5.5 Neural Network Learning Steps

NNSteps

function [J grad] = nnCostFunction(nn_params, ...
                                   input_layer_size, ...
                                   hidden_layer_size, ...
                                   num_labels, ...
                                   X, y, lambda)
%NNCOSTFUNCTION Implements the neural network cost function for a two layer
%neural network which performs classification
%   [J grad] = NNCOSTFUNCTON(nn_params, hidden_layer_size, num_labels, ...
%   X, y, lambda) computes the cost and gradient of the neural network. The
%   parameters for the neural network are "unrolled" into the vector
%   nn_params and need to be converted back into the weight matrices. 
% 
%   The returned parameter grad should be a "unrolled" vector of the
%   partial derivatives of the neural network.
%

% Reshape nn_params back into the parameters Theta1 and Theta2, the weight matrices
% for our 2 layer neural network
Theta1 = reshape(nn_params(1:hidden_layer_size * (input_layer_size + 1)), ...
                 hidden_layer_size, (input_layer_size + 1));

Theta2 = reshape(nn_params((1 + (hidden_layer_size * (input_layer_size + 1))):end), ...
                 num_labels, (hidden_layer_size + 1));

% Setup some useful variables
m = size(X, 1);
         
% You need to return the following variables correctly 
J = 0;
Theta1_grad = zeros(size(Theta1));
Theta2_grad = zeros(size(Theta2));

% Instructions: You should complete the code by working through the
%               following parts.
%
% Part 1: Feedforward the neural network and return the cost in the
%         variable J. After implementing Part 1, you can verify that your
%         cost function computation is correct by verifying the cost
%         computed in ex4.m
%
% Part 2: Implement the backpropagation algorithm to compute the gradients
%         Theta1_grad and Theta2_grad.
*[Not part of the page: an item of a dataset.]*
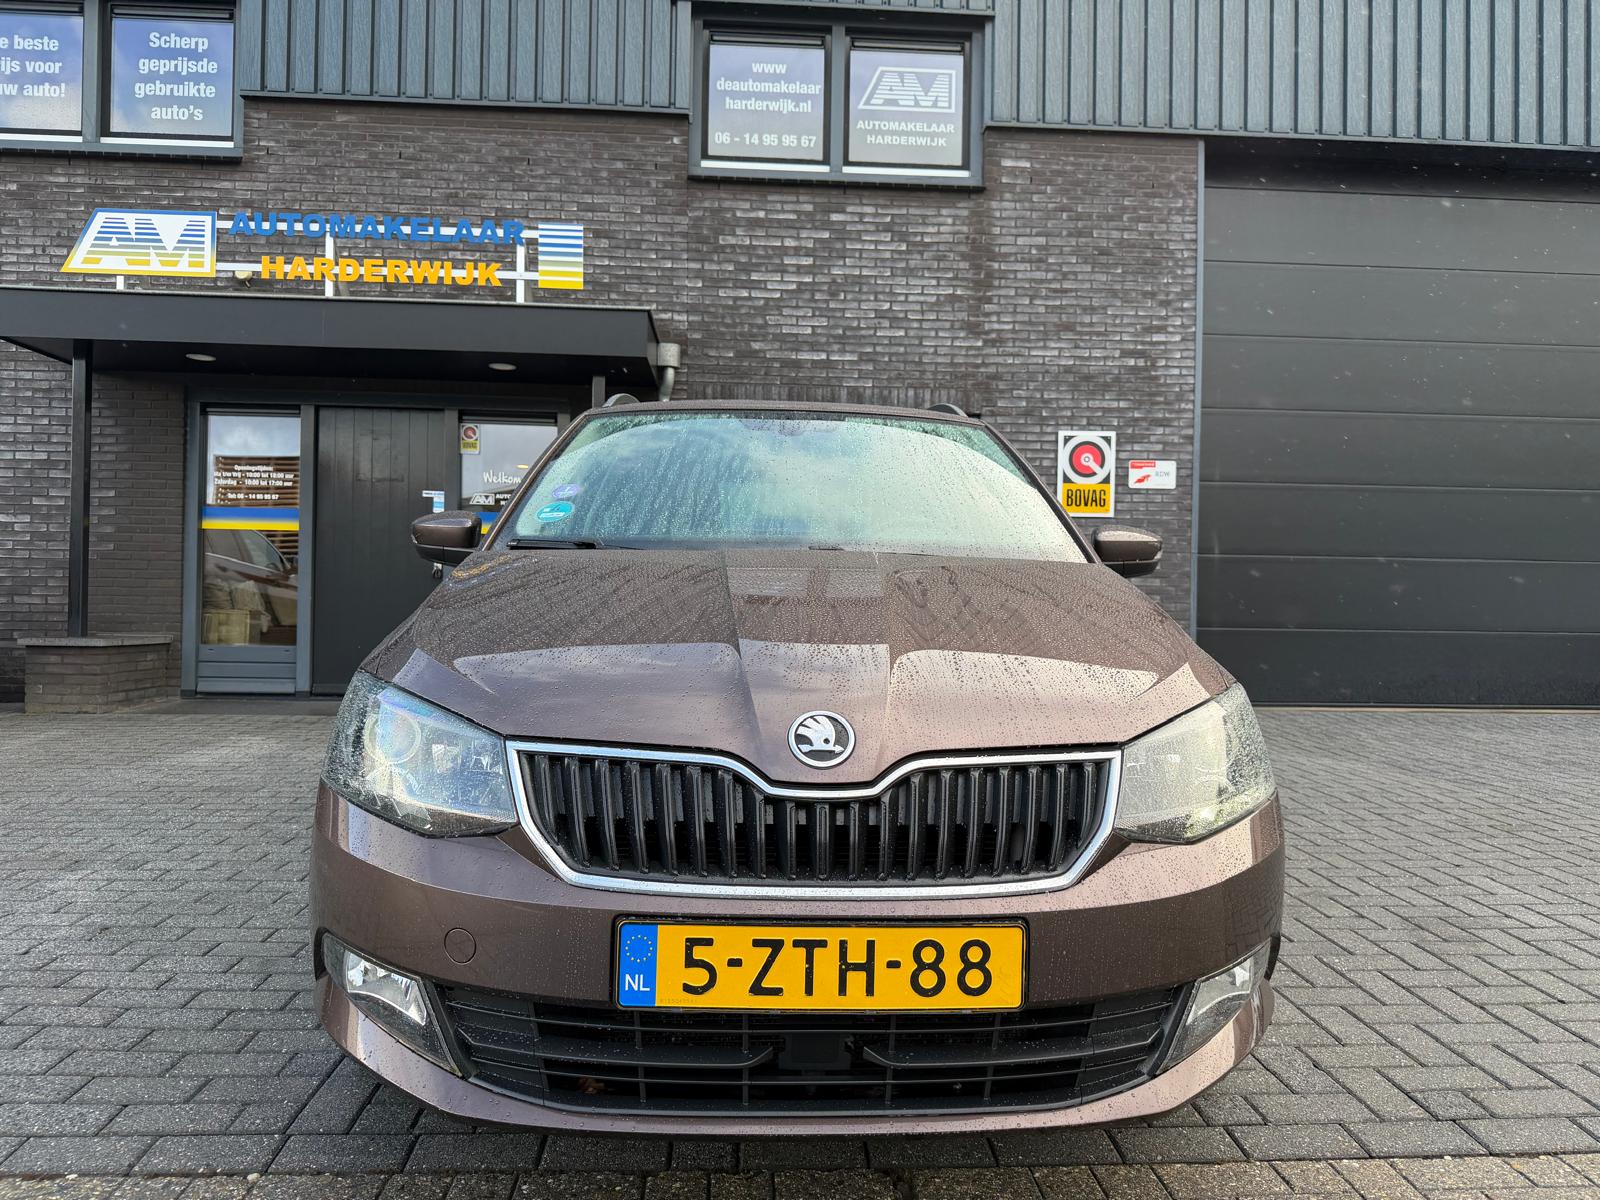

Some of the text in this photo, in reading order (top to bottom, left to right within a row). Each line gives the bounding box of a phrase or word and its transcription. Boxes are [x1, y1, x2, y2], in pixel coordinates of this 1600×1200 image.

You should return the partial derivatives of
%         the cost function with respect to Theta1 and Theta2 in Theta1_grad and
%         Theta2_grad, respectively. After implementing Part 2, you can check
%         that your implementation is correct by running checkNNGradients
%
%         Note: The vector y passed into the function is a vector of labels
%               containing values from 1..K. You need to map this vector into a 
%               binary vector of 1's and 0's to be used with the neural network
%               cost function.
%
%         Hint: We recommend implementing backpropagation using a for-loop
%               over the training examples if you are implementing it for the 
%               first time.
%
% Part 3: Implement regularization with the cost function and gradients.
%
%         Hint: You can implement this around the code for
%               backpropagation. That is, you can compute the gradients for
%               the regularization separately and then add them to Theta1_grad
%               and Theta2_grad from Part 2.
%

yVec = zeros(m, num_labels);
for i = 1:length(y)
    yVec(i,y(i)) = 1;
end

%% =================== feedforward ===========
% 5000*401
X = [ones(m,1) X];
% 5000*26
A2 = [ones(m,1) sigmoid(X * Theta1')];
% 5000*10
A3 = sigmoid(A2 * Theta2');
J = sum(-dot(yVec', log(A3)') - dot((1 - yVec)', log(1 - A3)')) / m;

% Regularization
th1 = Theta1(:,2:end).^2;
th2 = Theta2(:,2:end).^2;
J = J + lambda / (2 * m) * (sum(th1(:)) +sum(th2(:)));



%% ================== backpropagation ============

for t = 1:m
    % step1 feedforward to calculate a1 z2 a2 z3 a3
    % 401*1
    a1 = X(t,:)';
    % 26*1
    z2 = Theta1 * a1;
    a2 = [1; sigmoid(z2)];
    %10*1
    z3 = Theta2 * a2;
    a3 = sigmoid(z3);
    
    % step2 calculate detal3 and delta2
    % 10*1
    delta3 = a3 - yVec(t,:)';
    % 26*1
    delta2 = Theta2' * delta3 .* [0; sigmoidGradient(z2)];
    
    % step3 accumulate the gradient
    Theta2_grad = Theta2_grad + delta3 * a2';
    Theta1_grad = Theta1_grad + delta2(2:end) * a1';
end

Theta2_grad = Theta2_grad / m + lambda * [zeros(num_labels, 1) Theta2(:, 2:end)] / m;
Theta1_grad = Theta1_grad / m + lambda * [zeros(hidden_layer_size, 1) Theta1(:, 2:end)] / m;


%% -------------------------------------------------------------

% =========================================================================

% Unroll gradients
grad = [Theta1_grad(:) ; Theta2_grad(:)];


end

6. Support Vector Machines

6.1 Kernel

SVMGaussianKernel

Do perform feature scaling before using the Gaussian Kernel.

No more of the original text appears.